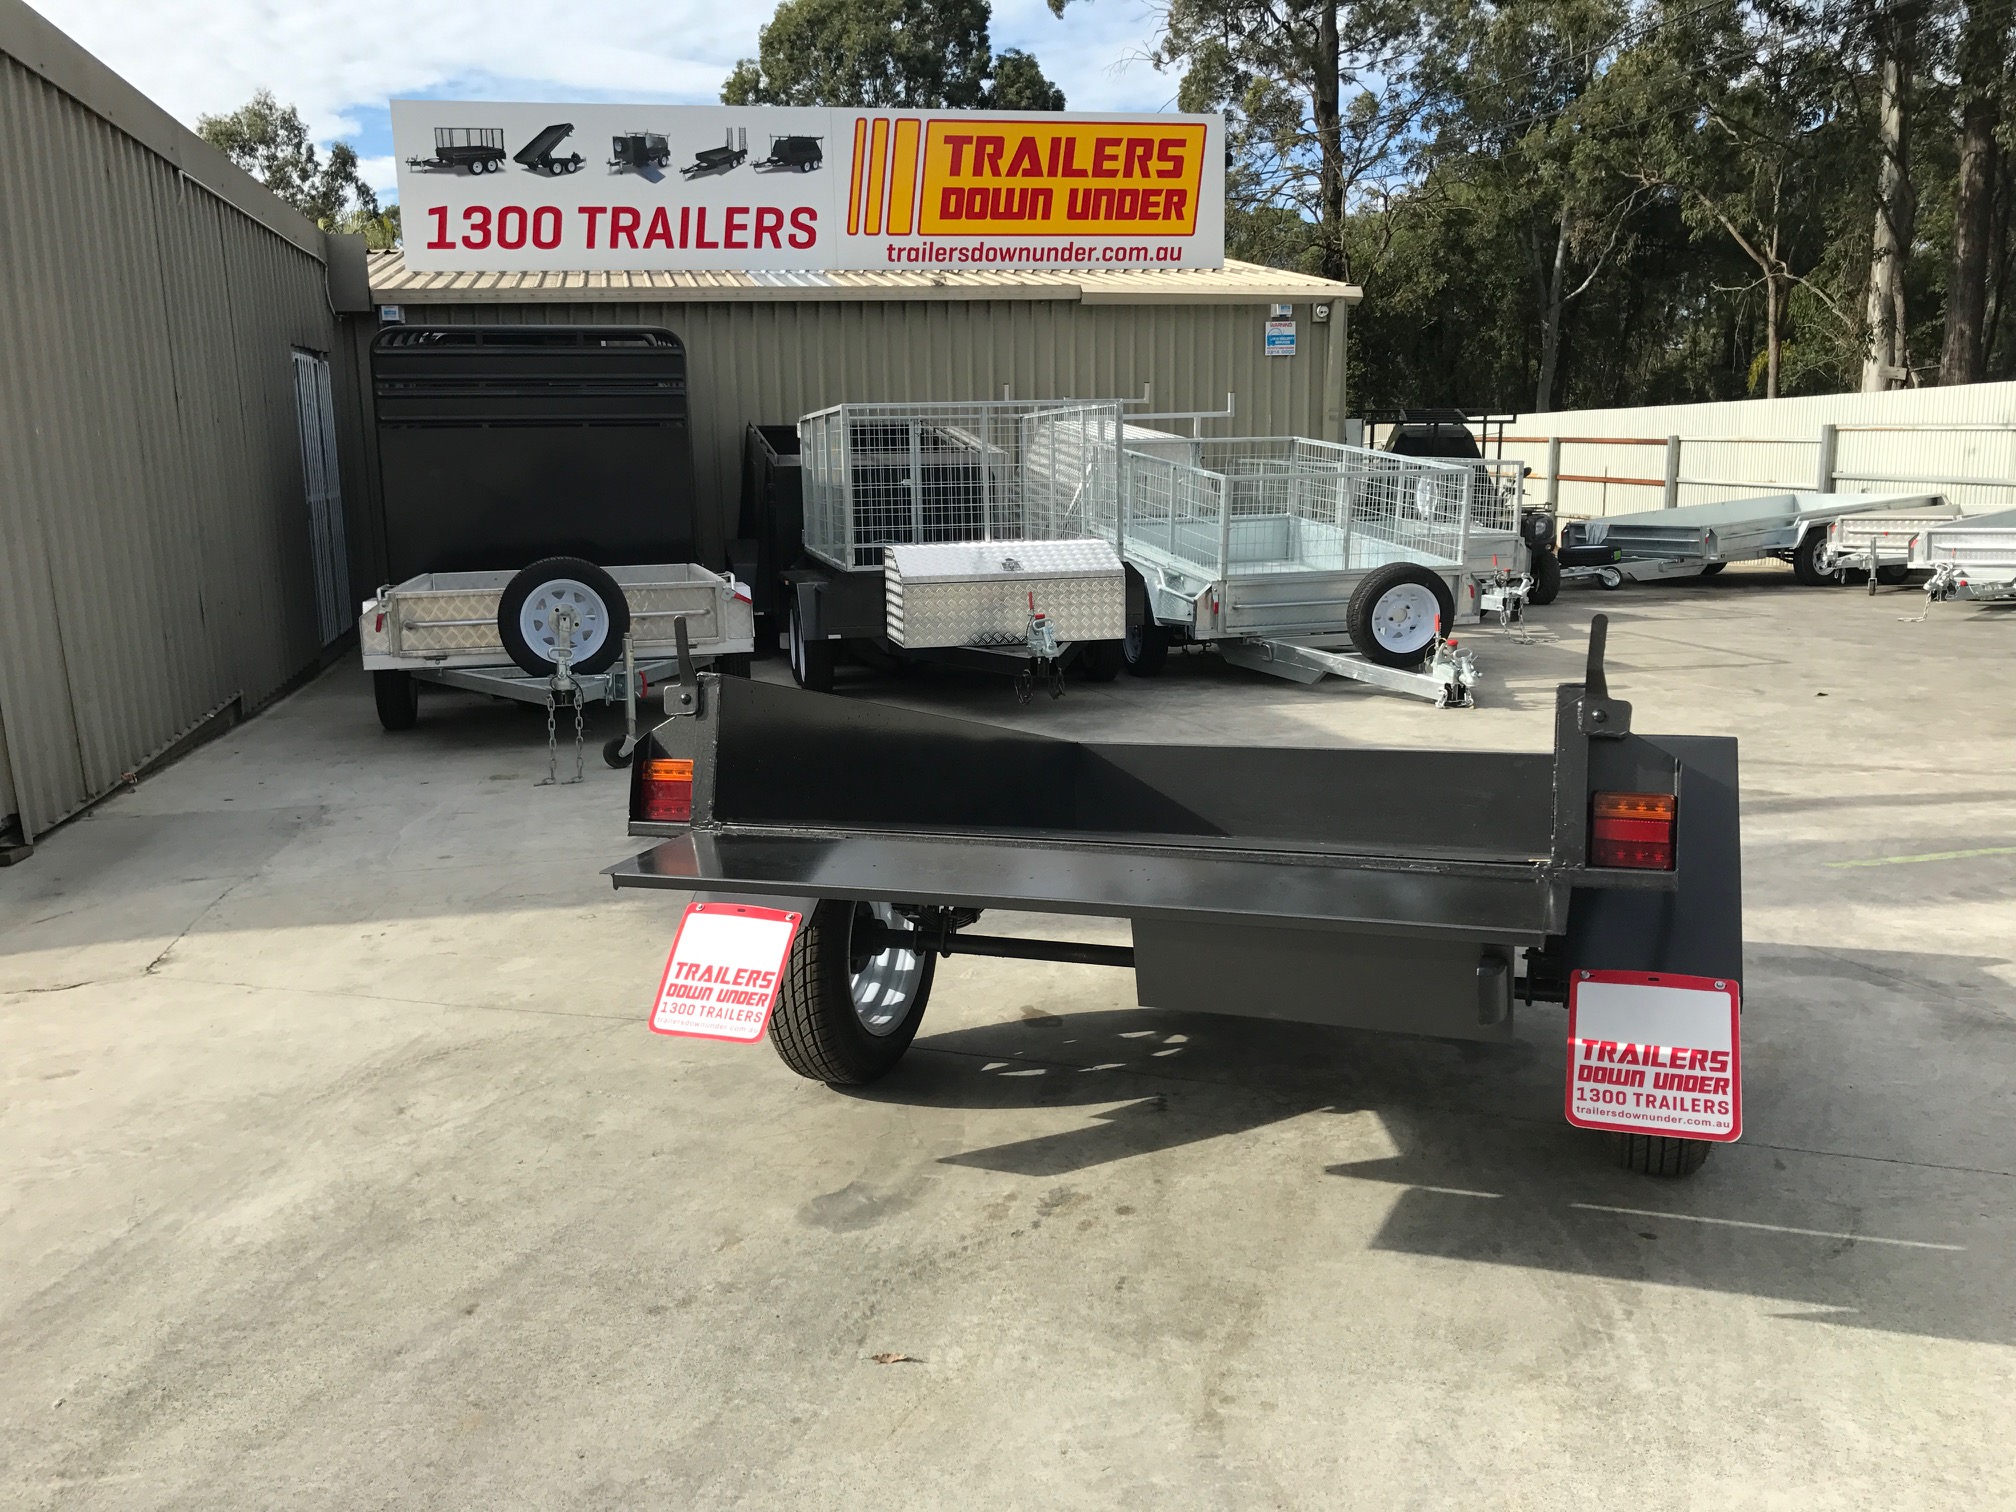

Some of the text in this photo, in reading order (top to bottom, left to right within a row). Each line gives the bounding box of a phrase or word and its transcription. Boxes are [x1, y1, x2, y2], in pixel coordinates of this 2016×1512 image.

[944, 135, 1187, 179] TRAILERS
[939, 187, 1188, 221] DOWN UNDER
[427, 205, 818, 250] 1300 TRAILERS
[887, 241, 1182, 263] trailersdownunder.com.au
[675, 962, 776, 989] TRAILERS
[666, 983, 769, 1007] DOWN UNDER
[657, 1017, 758, 1034] trailersdownundercomau
[660, 1002, 763, 1023] 1300 TRAILERS
[1581, 1039, 1730, 1073] TRAILERS
[1578, 1065, 1730, 1095] DOWN UNDER
[1577, 1087, 1729, 1115] 1300 TRAILERS
[1577, 1106, 1730, 1128] trailersdownunder.com.au
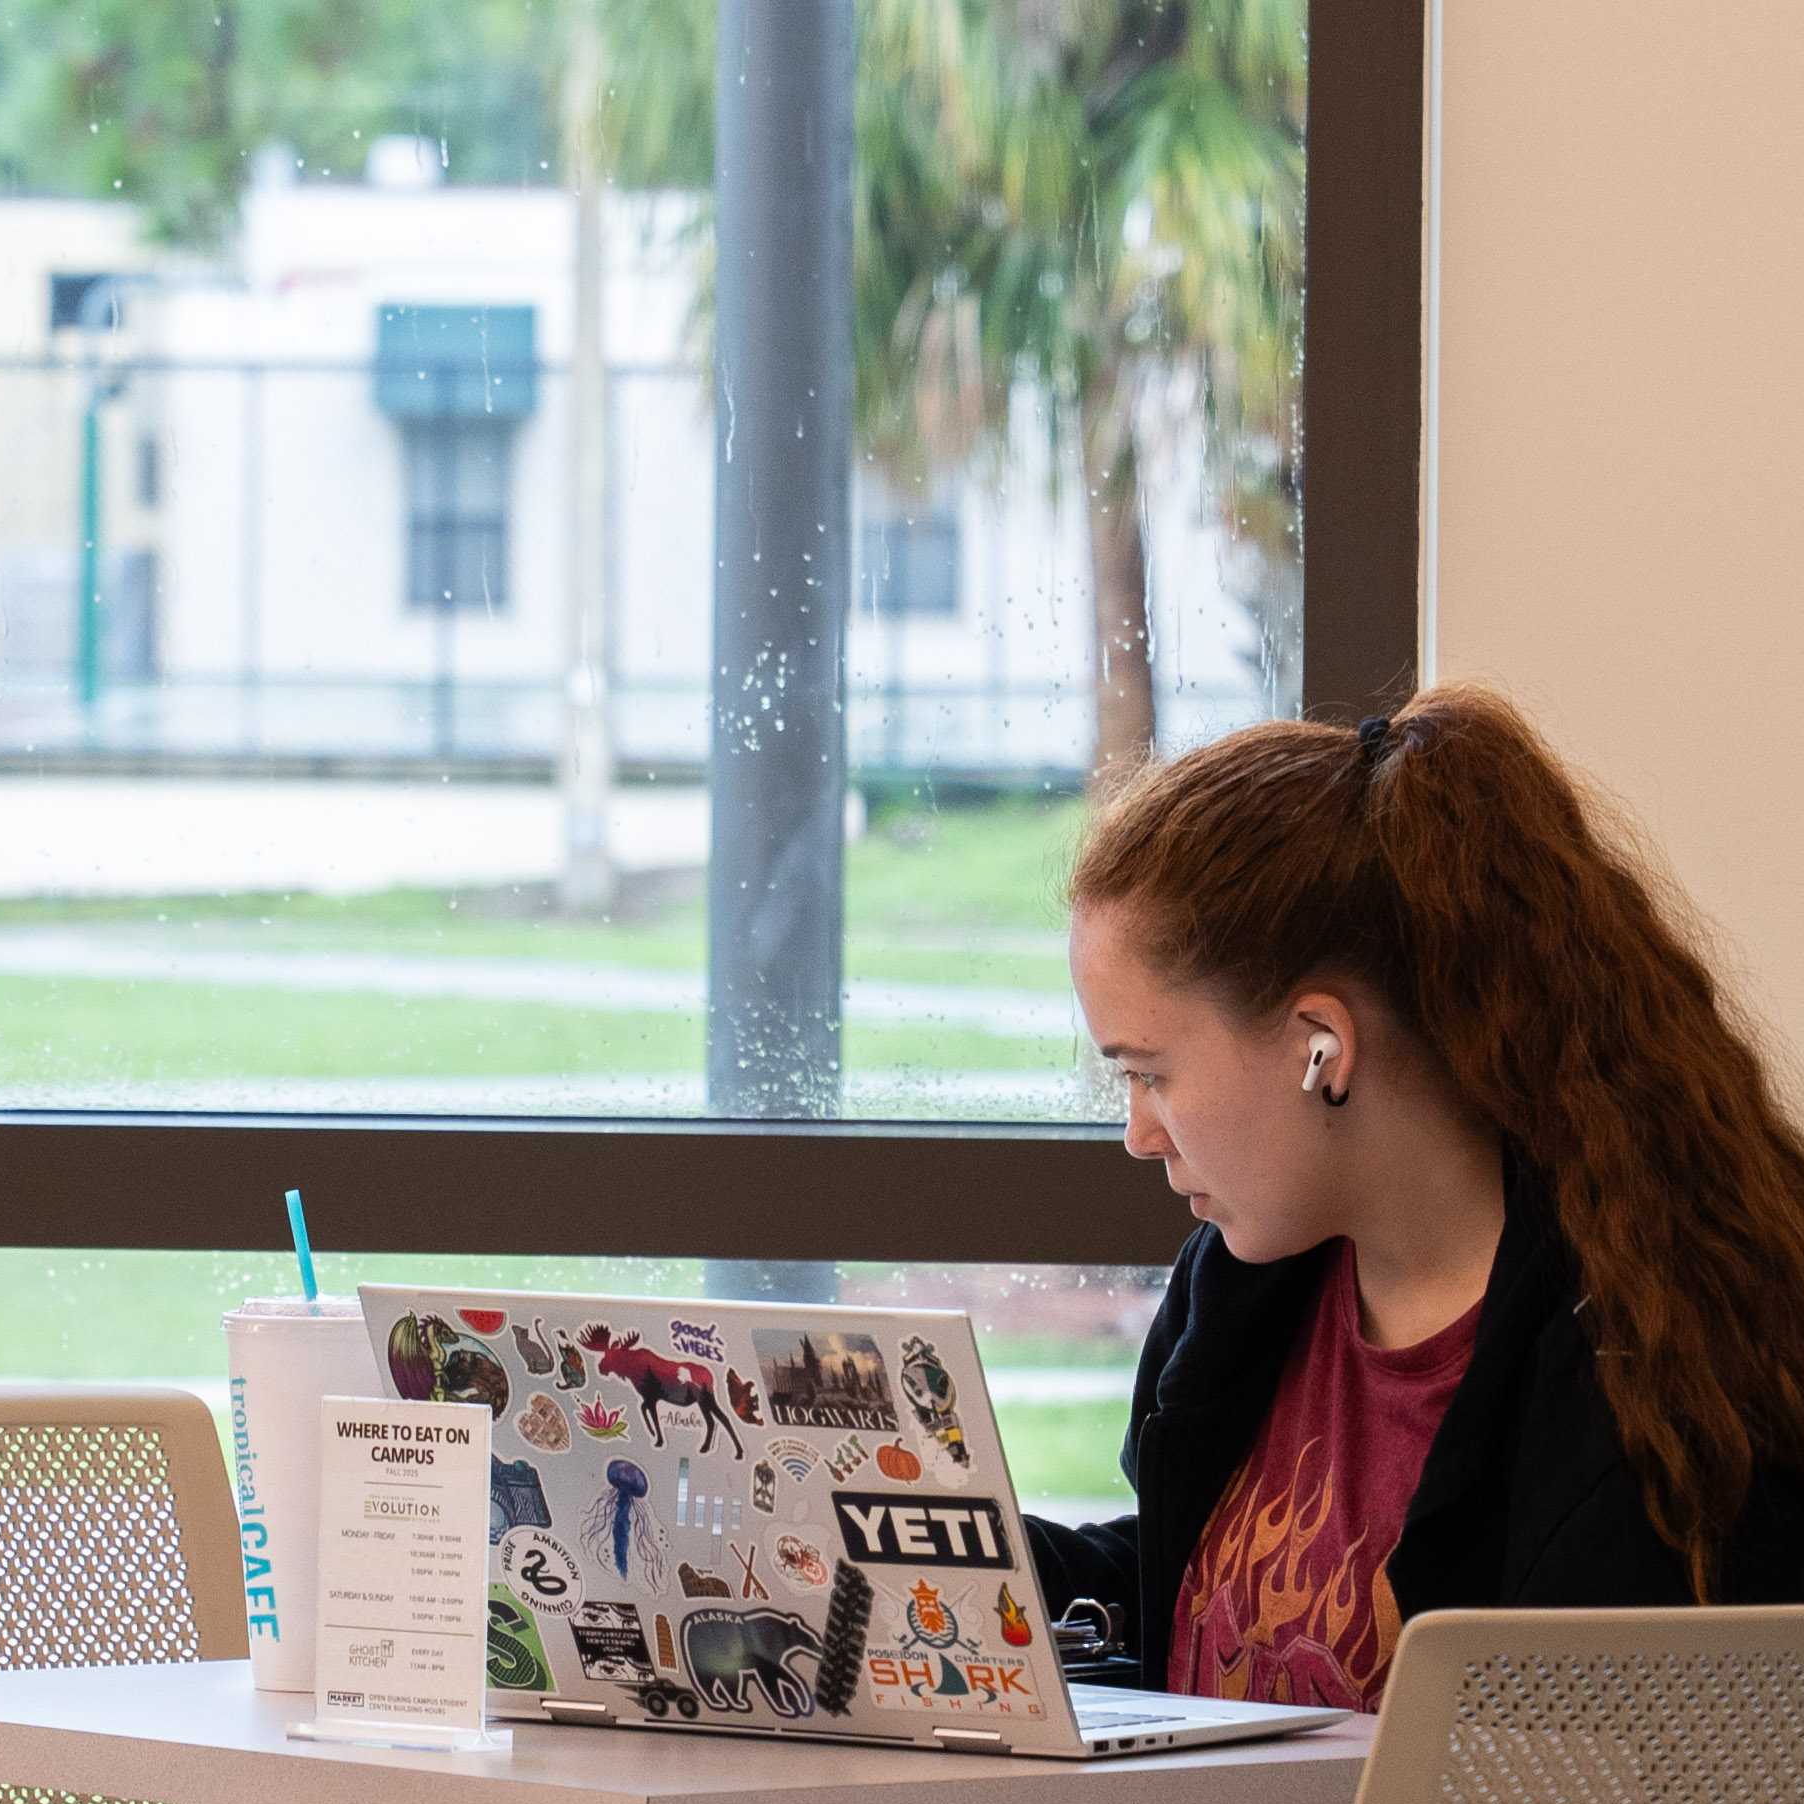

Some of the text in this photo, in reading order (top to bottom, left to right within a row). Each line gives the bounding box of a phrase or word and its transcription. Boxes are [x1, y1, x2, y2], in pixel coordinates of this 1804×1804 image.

[671, 1320, 716, 1342] good
[680, 1337, 724, 1362] VIBES
[662, 1410, 703, 1428] Alaska
[775, 1403, 898, 1431] HOGWARTS
[337, 1421, 470, 1444] WHERE TO EAT ON
[230, 1376, 265, 1516] tropical
[371, 1446, 435, 1465] CAMPUS
[385, 1467, 401, 1477] FALL
[364, 1500, 441, 1517] EVOLUTION
[341, 1529, 370, 1540] MONDAY
[373, 1531, 396, 1541] FRIDAY
[840, 1503, 1000, 1559] YETI
[504, 1540, 517, 1572] PRIDE
[533, 1532, 580, 1581] AMBITION
[329, 1590, 362, 1601] SATURDAY
[368, 1593, 395, 1602] SUNDAY
[426, 1596, 437, 1605] AM
[521, 1591, 573, 1615] CUNNING
[692, 1612, 744, 1625] ALASKA
[348, 1644, 380, 1656] GHOST
[411, 1648, 444, 1658] EVERY DAY
[867, 1648, 1025, 1667] POSEIDON CHARTERS
[348, 1656, 388, 1668] KITCHEN
[410, 1662, 427, 1671] 11AM
[330, 1693, 362, 1704] MARKET
[368, 1693, 468, 1708] OPEN DURING CAMPUS STUDENT
[875, 1693, 1041, 1715] FISHING
[368, 1702, 446, 1715] CENTER BUILDING HOURS

+---+

_Required work_. Without the pictures, return the records above exactly as given.

_Result below_.
Some of the text in this photo, in reading order (top to bottom, left to right within a row). Each line gives the bounding box of a phrase or word and its transcription. Boxes are [x1, y1, x2, y2], in pixel coordinates of this 2016×1512 image.

[944, 135, 1187, 179] TRAILERS
[939, 187, 1188, 221] DOWN UNDER
[427, 205, 818, 250] 1300 TRAILERS
[887, 241, 1182, 263] trailersdownunder.com.au
[675, 962, 776, 989] TRAILERS
[666, 983, 769, 1007] DOWN UNDER
[657, 1017, 758, 1034] trailersdownundercomau
[660, 1002, 763, 1023] 1300 TRAILERS
[1581, 1039, 1730, 1073] TRAILERS
[1578, 1065, 1730, 1095] DOWN UNDER
[1577, 1087, 1729, 1115] 1300 TRAILERS
[1577, 1106, 1730, 1128] trailersdownunder.com.au

Some of the text in this photo, in reading order (top to bottom, left to right within a row). Each line gives the bounding box of a phrase or word and its transcription. Boxes are [x1, y1, x2, y2], in pixel coordinates of this 1804×1804 image.

[671, 1320, 716, 1342] good
[680, 1337, 724, 1362] VIBES
[662, 1410, 703, 1428] Alaska
[775, 1403, 898, 1431] HOGWARTS
[337, 1421, 470, 1444] WHERE TO EAT ON
[230, 1376, 265, 1516] tropical
[371, 1446, 435, 1465] CAMPUS
[385, 1467, 401, 1477] FALL
[364, 1500, 441, 1517] EVOLUTION
[341, 1529, 370, 1540] MONDAY
[373, 1531, 396, 1541] FRIDAY
[840, 1503, 1000, 1559] YETI
[504, 1540, 517, 1572] PRIDE
[533, 1532, 580, 1581] AMBITION
[329, 1590, 362, 1601] SATURDAY
[368, 1593, 395, 1602] SUNDAY
[426, 1596, 437, 1605] AM
[521, 1591, 573, 1615] CUNNING
[692, 1612, 744, 1625] ALASKA
[348, 1644, 380, 1656] GHOST
[411, 1648, 444, 1658] EVERY DAY
[867, 1648, 1025, 1667] POSEIDON CHARTERS
[348, 1656, 388, 1668] KITCHEN
[410, 1662, 427, 1671] 11AM
[330, 1693, 362, 1704] MARKET
[368, 1693, 468, 1708] OPEN DURING CAMPUS STUDENT
[875, 1693, 1041, 1715] FISHING
[368, 1702, 446, 1715] CENTER BUILDING HOURS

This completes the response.